Musicultura 2026, tutto pronto per la finalissima: fari puntati su Macerata!
Manca ormai poco alla finalissima del Musicultura 2026, il Festival della Canzone Popolare e d’Autore. Il prossimo weekend, 19 e 20 Giugno, ci ritroveremo nuovamente allo Sferisterio di Macerata per conoscere il vincitore assoluto della XXXVII edizione.
Musicultura 2026, ecco gli 8 vincitori
Una scelta delicata e importante, che avverrà tra gli 8 finalisti che abbiamo incontrato in conferenza stampa ieri, martedì 9 Giugno:
Rosita Brucoli con il brano Agente!;
Claudio Covato, da Siracusa, con il pezzo Chiddu ca ma resta;
DDUMA, in arrivo da Lecce con la sua “Fimmine de guerra”;
MEZZANERA che porta da Bologna “Piume“;
Narratore Urbano, proveniente da Torino con “Il mio coinquilino vuole uccidermi“;
Isabella Privitera, altra cantautrice di Bologna con la sua “Eya”;
Giovanni Toscano, giunto da Pisa insieme alla sua “Emma“;
Giulia Trovò, proveniente da Treviso con il brano “Se non dovessi più tornare”
Artisti autentici e di alto valore, designati dal prestigioso Comitato Artistico di Garanzia di Musicultura, i cui primi firmatari furono nel 1990 Fabrizio De André e Giorgio Caproni, e che in questa XXXVII edizione, è composto da: Francesco Amato, Enzo Avitabile, Claudio Baglioni, Diego Bianchi, Francesco Bianconi, Maria Grazia Calandrone, Giulia Caminito, Luca Carboni, Guido Catalano, Ennio Cavalli, Carmen Consoli, Simone Cristicchi, Gaetano Curreri, Teresa De Sio, Cristina Donà, Giorgia, Mariangela Gualtieri, Veronica Lucchesi e Dario Mangiaracina (La Rappresentante di Lista), Ermal Meta, Mariella Nava, Susanna Nichiarelli, Piero Pelù, Vasco Rossi, Ron, Tosca, Paola Turci, Roberto Vecchioni, Sandro Veronesi e Margherita Vicario.
“Sono ragazze e ragazzi che si sono lasciati alle spalle i totem novecenteschi – li ha definiti Ezio Nannipieri, direttore artistico di Musicultura 2026 – Nelle loro canzoni la speranza non è consolatoria o velleitaria, è una pratica quotidiana, un contenimento lucido e paziente delle insidie della menzogna, la ricerca di una decenza che dia senso a un vivere insieme qui e ora.

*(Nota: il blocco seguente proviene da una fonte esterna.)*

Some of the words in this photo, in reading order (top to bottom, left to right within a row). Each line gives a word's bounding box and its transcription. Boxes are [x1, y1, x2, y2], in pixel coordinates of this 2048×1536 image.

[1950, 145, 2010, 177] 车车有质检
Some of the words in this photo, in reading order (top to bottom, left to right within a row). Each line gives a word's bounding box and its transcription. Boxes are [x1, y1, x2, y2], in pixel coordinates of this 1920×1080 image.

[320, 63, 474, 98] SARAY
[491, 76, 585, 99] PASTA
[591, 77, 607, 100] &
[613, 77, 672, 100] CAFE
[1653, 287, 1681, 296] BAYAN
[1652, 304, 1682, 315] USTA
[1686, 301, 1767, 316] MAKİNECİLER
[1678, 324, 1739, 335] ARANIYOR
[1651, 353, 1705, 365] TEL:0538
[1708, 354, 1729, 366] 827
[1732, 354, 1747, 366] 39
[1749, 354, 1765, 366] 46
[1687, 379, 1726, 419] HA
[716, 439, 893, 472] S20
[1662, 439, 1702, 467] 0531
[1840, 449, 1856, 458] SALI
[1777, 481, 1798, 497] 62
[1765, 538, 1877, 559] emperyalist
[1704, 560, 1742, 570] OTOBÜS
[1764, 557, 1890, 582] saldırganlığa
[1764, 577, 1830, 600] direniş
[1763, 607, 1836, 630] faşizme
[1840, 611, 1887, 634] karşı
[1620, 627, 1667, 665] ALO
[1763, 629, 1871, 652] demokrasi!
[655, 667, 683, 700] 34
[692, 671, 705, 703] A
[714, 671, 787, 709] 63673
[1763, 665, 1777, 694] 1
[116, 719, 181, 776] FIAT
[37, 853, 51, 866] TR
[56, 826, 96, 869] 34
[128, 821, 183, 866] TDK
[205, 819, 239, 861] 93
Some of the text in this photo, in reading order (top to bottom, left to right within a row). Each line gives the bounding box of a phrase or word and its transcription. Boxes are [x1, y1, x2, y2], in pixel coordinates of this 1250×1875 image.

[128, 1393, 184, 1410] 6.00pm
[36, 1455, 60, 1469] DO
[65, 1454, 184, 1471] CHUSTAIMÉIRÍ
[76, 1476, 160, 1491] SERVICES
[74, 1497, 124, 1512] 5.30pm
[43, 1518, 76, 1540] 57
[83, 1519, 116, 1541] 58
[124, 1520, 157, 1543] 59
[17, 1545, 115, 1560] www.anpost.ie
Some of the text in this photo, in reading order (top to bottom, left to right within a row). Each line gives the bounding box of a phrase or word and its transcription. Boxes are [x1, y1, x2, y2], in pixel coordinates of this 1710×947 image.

Sono il nuovo che avanza, sono artisti diversissimi tra loro ma tutti stanchi delle incrostazioni di linguaggi manierati, interrogano e interpretano la realtà con una urgenza che spiazza ed emoziona“.
Per arrivare a questo punto, gli 8 artisti hanno superato una lunga selezione, cominciata nel novembre scorso con il vaglio delle 2.656 canzoni (record assoluto) iscritte al Concorso, durata oltre 3 mesi. Da lì esibizioni live che hanno portato fino alla scrematura a 16 voci che si sono contesi la finalissima al Teatro Persiani di Recanati.
La “Controra” per avvicinarsi alla finalissima di Musicultura 2026
E ora? Il test democratico, con la possibilità di giocarsi le carte durante la settimana precedente, a partire da martedì 16 Giugno, nella costola del Festival chiamato “La controra”. Un evento collaterale che porterà a Macerata concerti, presentazioni, incontri, mostre tutti liberamente aperti al pubblico. Gli ospiti in cartellone comprendono Ermanno Cavazzoni, Fabio Concato, Paola Turci, Francesco Sarcina, Stefano Dal Bianco, Susanna Nicchiarelli, John Vignola, Carlo Latini, Donato Caporalini, Giampaolo Morelli e Gloria Bellicchi, Ibisco, Abat-Jour, Tosca, Brunori Sas. Tutti uniti per fare da “spalla” ai finalisti che si giocheranno tutte le carte per diventare vincitori assoluti di questa emozionante edizione!